Açúcar e etanol aquecem o setor industrial sucroenergético no Brasil

            Do açúcar que você compra no supermercado, ao etanol que abastecemos nossos carros e até mesmo parte da energia elétrica que consumimos, todos eles vêm de um só lugar: do cultivo brasileiro da cana-de-açúcar. Fundamental para movimentar toda a locomotiva econômica que gera milhões em negócios e milhares de empregos no país, o caminho do campo à indústria não é longo, mas é cheio de detalhes que não são conhecidos do consumidor.

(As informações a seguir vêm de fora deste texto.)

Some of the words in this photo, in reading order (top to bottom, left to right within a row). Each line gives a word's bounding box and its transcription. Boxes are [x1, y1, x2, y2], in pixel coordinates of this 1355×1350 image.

O cultivo da cana-de-açúcar marca a história do Brasil, com produção reconhecida desde o ano de 1.532. Foram muitos anos, muitas colheitas até o início da industrialização no país e os investimentos para produzir açúcar e álcool em larga escala para abastecer o comércio interno e o externo. Plantada no verão, a cana-de-açúcar é sempre processada no inverno, em cerca de 18 meses após o cultivo. Ela pode produzir mais cinco ou seis vezes consecutivas a cada 12 meses, com investimentos de R$ 8 e 9 mil por hectare, gerando algo em torno de 100 toneladas por hectare/ano.

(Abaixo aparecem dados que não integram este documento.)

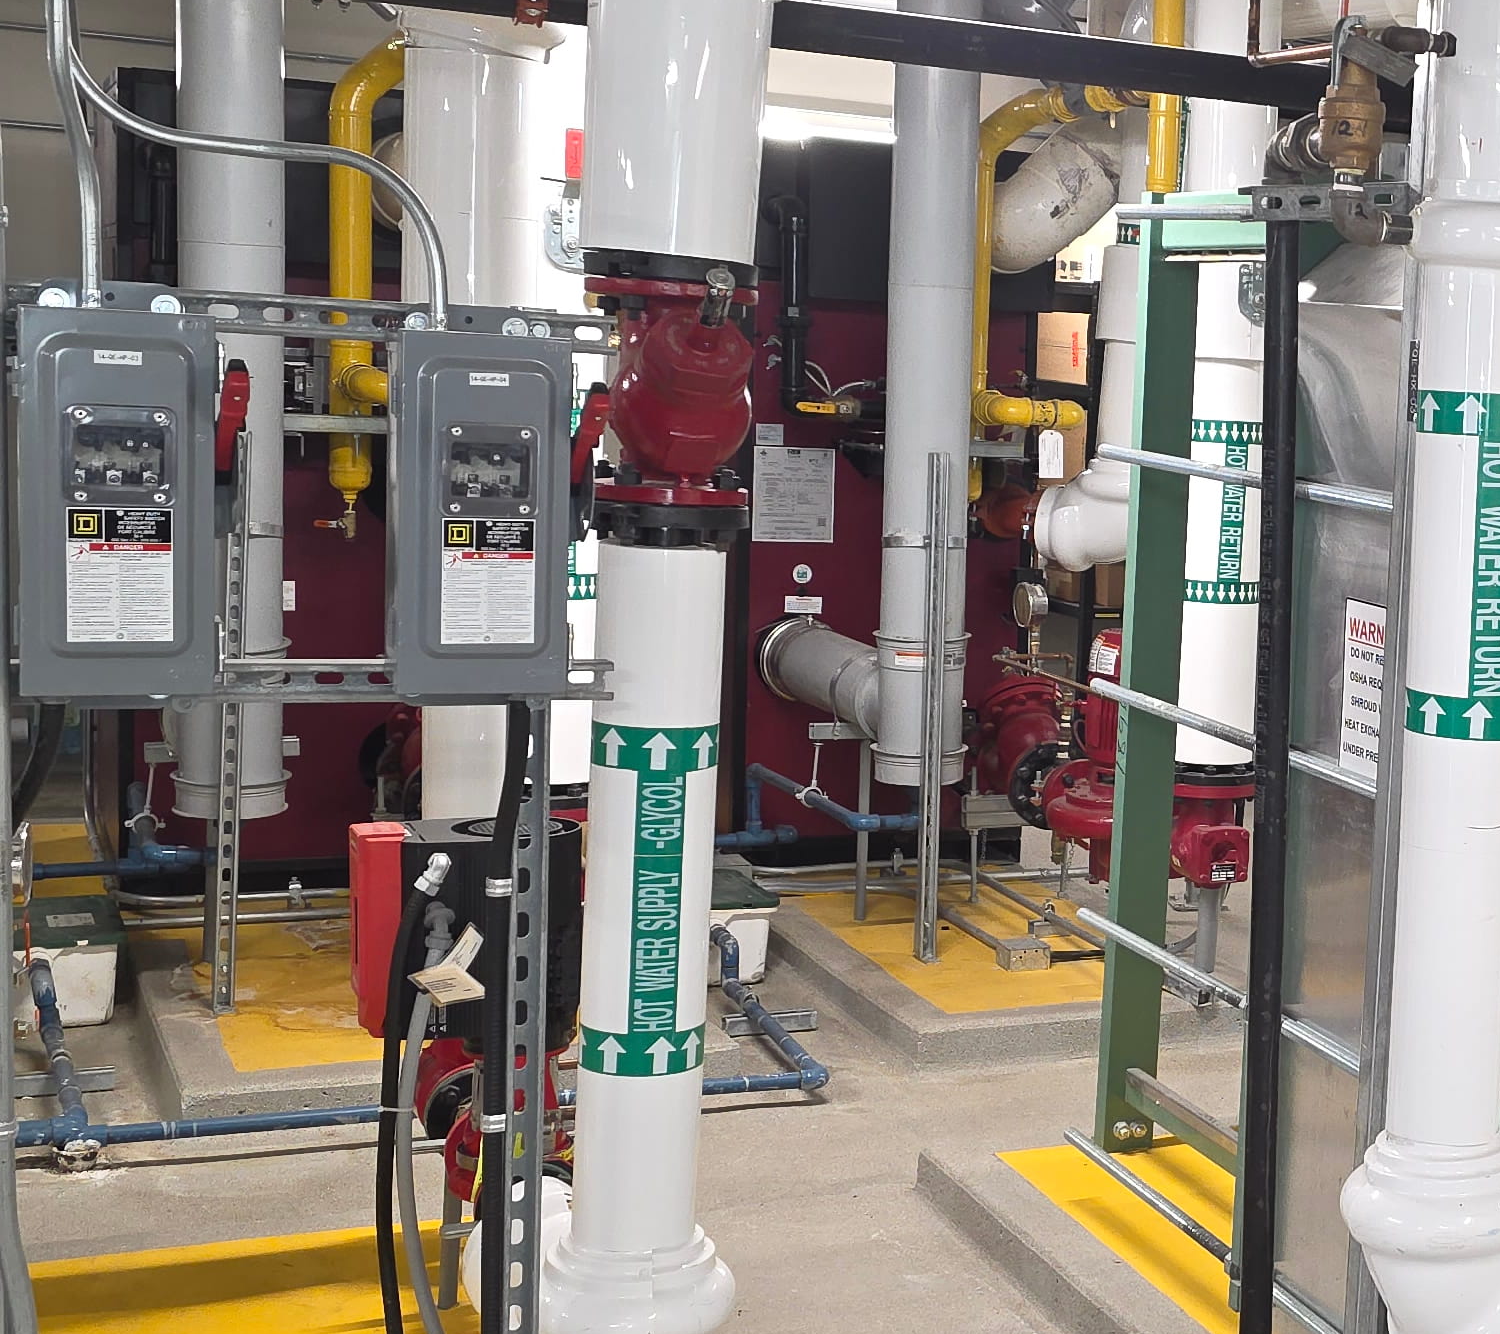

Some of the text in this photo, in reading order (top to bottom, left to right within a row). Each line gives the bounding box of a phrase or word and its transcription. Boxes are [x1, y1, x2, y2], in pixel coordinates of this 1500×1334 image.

[1219, 526, 1241, 580] RETURN
[1349, 617, 1384, 645] WARN
[1350, 647, 1360, 660] DO
[1360, 649, 1375, 663] NOT
[1349, 671, 1368, 686] OSHA
[1350, 695, 1378, 713] SHROUD
[1344, 718, 1380, 739] HEAT EXCHA
[1343, 741, 1366, 759] UNDER
[637, 870, 680, 931] SUPPLY
[635, 937, 677, 996] WATER
[633, 999, 674, 1033] HOT

Logo após a colheita, o colmo (caule da cana) não pode ser armazenado, por isso, precisa seguir em pouco tempo para a indústria. Hoje, essa indústria se desenvolveu, bem como a agricultura. Novos equipamentos, tecnologias, inovações que permitem maior qualidade produtiva, gerando, a partir da mesma matéria-prima, o açúcar e o etanol, nas versões anidro, que é aquele misturado à gasolina, e o etanol hidratado, que é aquele vendido nos postos de combustível. Para se ter uma ideia da capacidade de produção brasileira, uma usina de médio porte processa em torno de 15 a 20 mil toneladas de cana por dia, durante sete meses do ano.

A safra e seu impacto no mercado

Segundo a ÚNICA – União das Indústrias de cana-de-açúcar, a safra 2016/2017, com sua colheita nos meses de março e início de abril, alcançou 7,96 milhões de toneladas, possibilitando ao país alcançar uma produção quinzenal de 270 mil toneladas de açúcar e a fabricação de 326,89 milhões de litros de etanol, sendo que desses, 81,41 milhões de litros são de etanol anidro e 245,49 milhões de litros de hidratado.

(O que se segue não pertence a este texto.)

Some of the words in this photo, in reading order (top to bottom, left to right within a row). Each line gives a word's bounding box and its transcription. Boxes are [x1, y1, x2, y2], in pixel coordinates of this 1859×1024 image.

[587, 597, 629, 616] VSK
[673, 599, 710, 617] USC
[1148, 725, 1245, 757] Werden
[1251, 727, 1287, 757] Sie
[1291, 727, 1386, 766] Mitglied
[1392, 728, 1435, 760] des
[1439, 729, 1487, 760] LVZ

Neste ano, com a alteração do período da safra, estipulada pelo Ministério da Agricultura, Pecuária e Abastecimento (MAPA), a estimativa é alcançar cerca de 675 milhões de toneladas em todo o Brasil, muito estimulado pela produção da região Centro-Sul que, sozinha, espera produzir 619 milhões de toneladas, segundo a consultoria Datagro. De acordo com os dados, 57,3% da matéria-prima será usada para a produção de etanol, contra 42,7% destinado ao açúcar, um crescimento de 3,2%.

Na pesquisa apresentada no livro Quarenta anos do etanol no Brasil está o retrato dessa impactante indústria do país, que gerou, no último ano, um produto interno bruto setorial superior a 40 bilhões de dólares, com a geração de aproximadamente 1 milhão de empregos. A decisão de produzir etanol ou açúcar independe da demanda e dos preços dos produtos à época da colheita. A dependência está mais relacionada às oportunidades de tradings e da formação de estoque a custos consideráveis, já que esses são os aspectos relevantes que marcam essa economia em todo o mundo, além dos sinais de preços e margens de comercialização nos respectivos mercados.

O etanol, por exemplo, tem seu preço determinado a partir de custos e das margens de distribuição, com a indústria e a agricultura se destacando como os maiores tomadores de preços. Outro fator é que a distribuição e a revenda do produto final estão diretamente ancoradas no setor de petróleo e derivados.

Com solo fértil e clima propício para o cultivo da cana-de-açúcar, o Brasil demonstra sua expertise no mercado de açúcar, detendo, hoje, 45% das exportações mundiais.